There are mixed reports on the association between radiologic findings and symptoms at that site. There appears to be a significant association between shoulder hyperostosis and shoulder symptoms, as well as a non-significant association between elbow hyperostosis and elbow symptoms. Meanwhile there is no apparent link between spinal hyperostosis and spinal pain. In those with DISH and chronic low back pain, there is also a non-significant increase in media epicondylitis, knee enthesitis, plantar fasciitis, and dysphagia, compared to patients with "lumbar spondylosis."

Chalk stick fractures, also known as carrot stick fractures (due to the similar appearance to broken chalk sticks and carrots), can occur which are fractures of the fused spine, and are four times more common in the ankylosed spine.

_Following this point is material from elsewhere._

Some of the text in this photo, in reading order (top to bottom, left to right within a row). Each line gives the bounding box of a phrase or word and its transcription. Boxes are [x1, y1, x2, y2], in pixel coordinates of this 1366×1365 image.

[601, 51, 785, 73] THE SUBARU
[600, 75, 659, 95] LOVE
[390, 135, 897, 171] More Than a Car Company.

This classically occurs with ankylosing spondylitis but can occur in DISH and OPLL, too. The fracture normally occurs at the disco-vertebral junction in the upper thoracic or lower cervical spine.

When several contiguous segments of the spine are fused, the fused column acts as a lever arm. This places greater than normal stresses on the spine. These fractures often occur following minimal trauma due to the altered biomechanics of the spine.

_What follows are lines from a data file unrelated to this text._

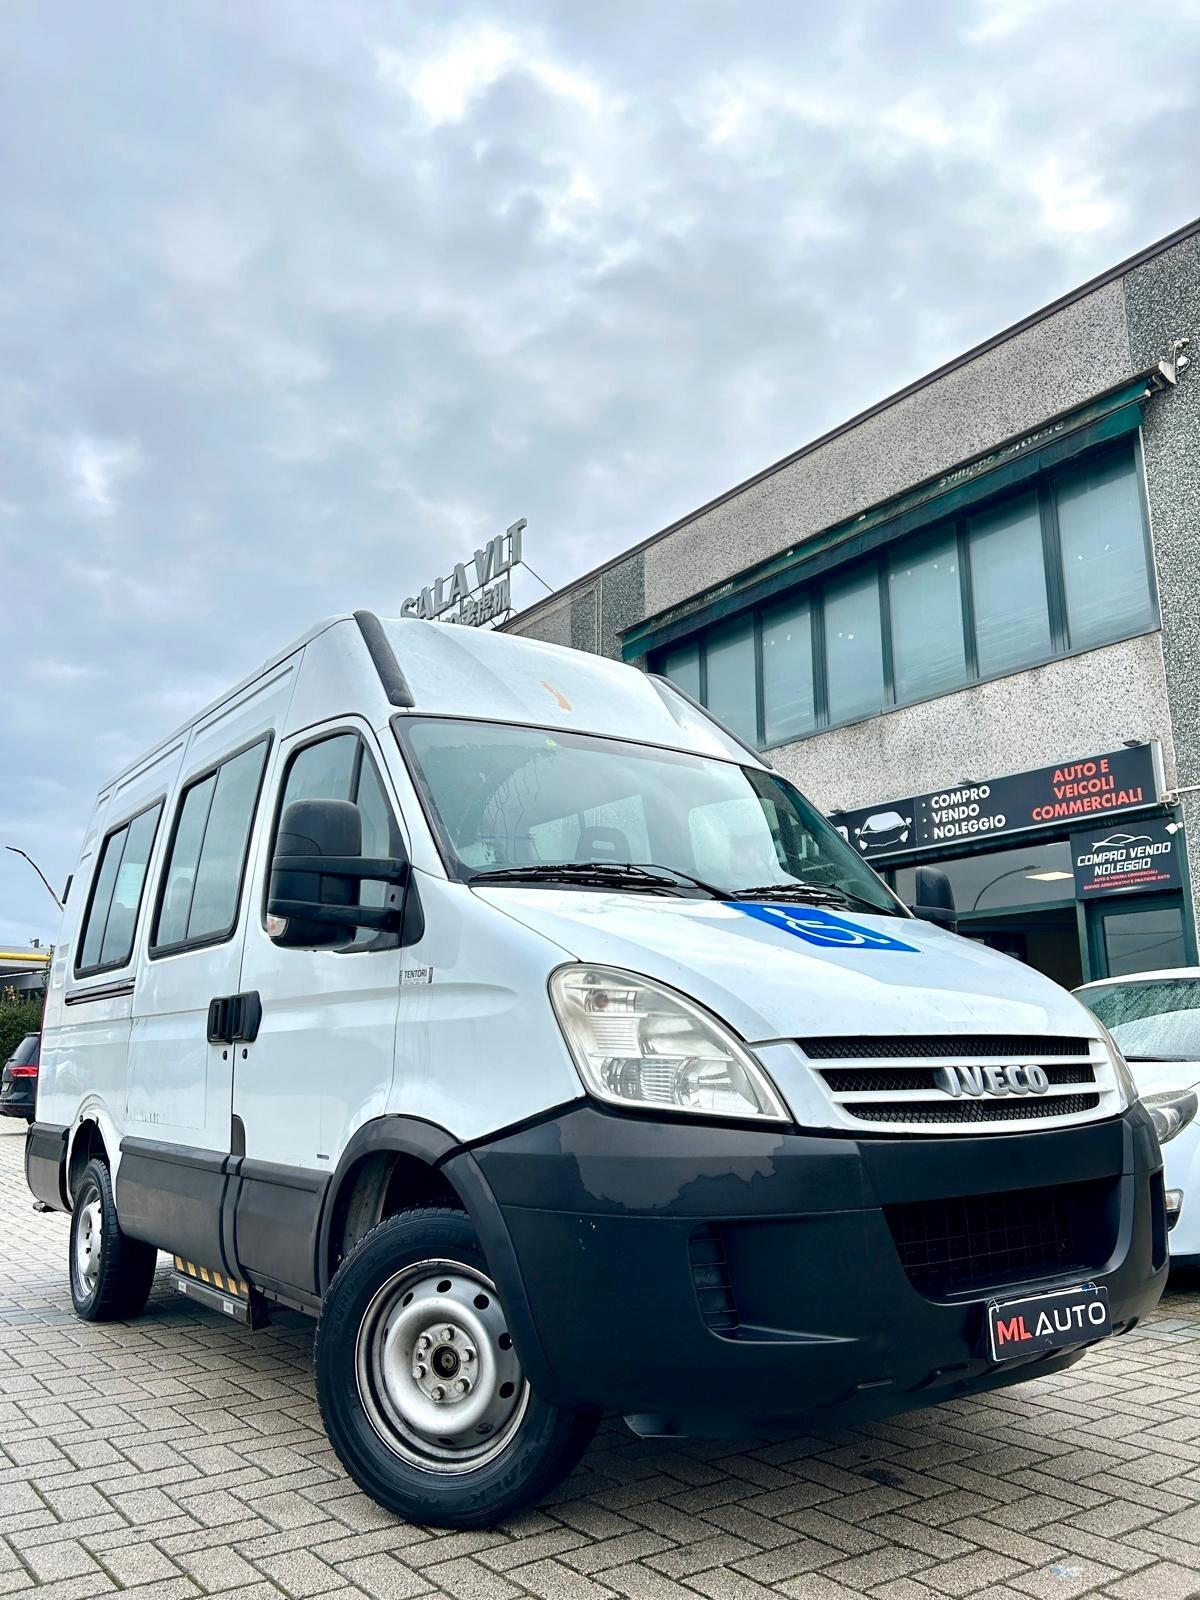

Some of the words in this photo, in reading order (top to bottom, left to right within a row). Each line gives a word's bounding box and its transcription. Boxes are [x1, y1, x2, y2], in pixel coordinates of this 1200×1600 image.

[474, 518, 528, 587] VLT
[1053, 762, 1097, 784] AUTO
[1100, 759, 1110, 773] E
[931, 785, 990, 809] COMPRO
[1053, 775, 1115, 800] VEICOLI
[932, 803, 980, 824] VENDO
[1032, 787, 1142, 820] COMMERCIALI
[933, 814, 1006, 839] NOLEGGIO
[1077, 849, 1126, 866] COMPRO
[1129, 842, 1171, 858] VENDO
[1094, 858, 1151, 876] NOLEGGIO
[404, 969, 428, 979] TENTORI
[933, 1064, 1050, 1098] IVECO
[996, 1316, 1033, 1345] ML
[1035, 1301, 1106, 1337] AUTO

Neurological manifestations[1]

Ossification of the posterior longitudinal ligament (OPLL) can cause spinal cord compression and myelopathic symptoms. This appears to be more common in Asian people. Some patients have developed tetraparesis and tetraplegia. Symptoms of cervical myelopathy development that should alert the clinican are a sharp, shoorting neck pain, sudden loss of neck range of motion, unsteady gait and hyperreflexia, and new extremity sensory symptoms.

Other rare findings are horner's syndrome, recurrent laryngeal nerve palsy, and vertebral artery insufficiency.

Examination

Physical examination may reveal decreased spinal range of motion, especially in the thoracic spine. Typically there is a loss of thoracic lateral flexion. There may be nodules palpable at the enthesis. The most common sites of these nodules are the Achilles, knee, and elbow. There appears to be an increased rate of Bouchard and Heberden nodes in those with DISH.[1]

Radiological findings

Radiological manifestations are the hallmark of DISH, characterised by ossification of the paravertebral ligaments and peripheral entheses. CT is generally more sensitive than radiographs.[1]

Spinal Inolvement

See articles on radiopaedia.org for copious examples of DISH and OPLL

The thoracic spine is the most commonly affected, but there may also be abnormalities in the cervical spine, lumbosacral spine, and extraspinal locations. Full-flowing osteophytosis appears to take 10 years to form.[7] There is characteristic "flowing mantles" of ossification at the anterior longitudinal ligament, and to a lesser degree at the paravertebral connective tissue and the peripheral annulus fibrosis. Hyperostosis may be present in one or more sections of the spine. The anterior longitudinal ligament covers the anterior and anterolateral part of the spine and so AP radiographs can be misleading by only seeing lateral ossifications. [5]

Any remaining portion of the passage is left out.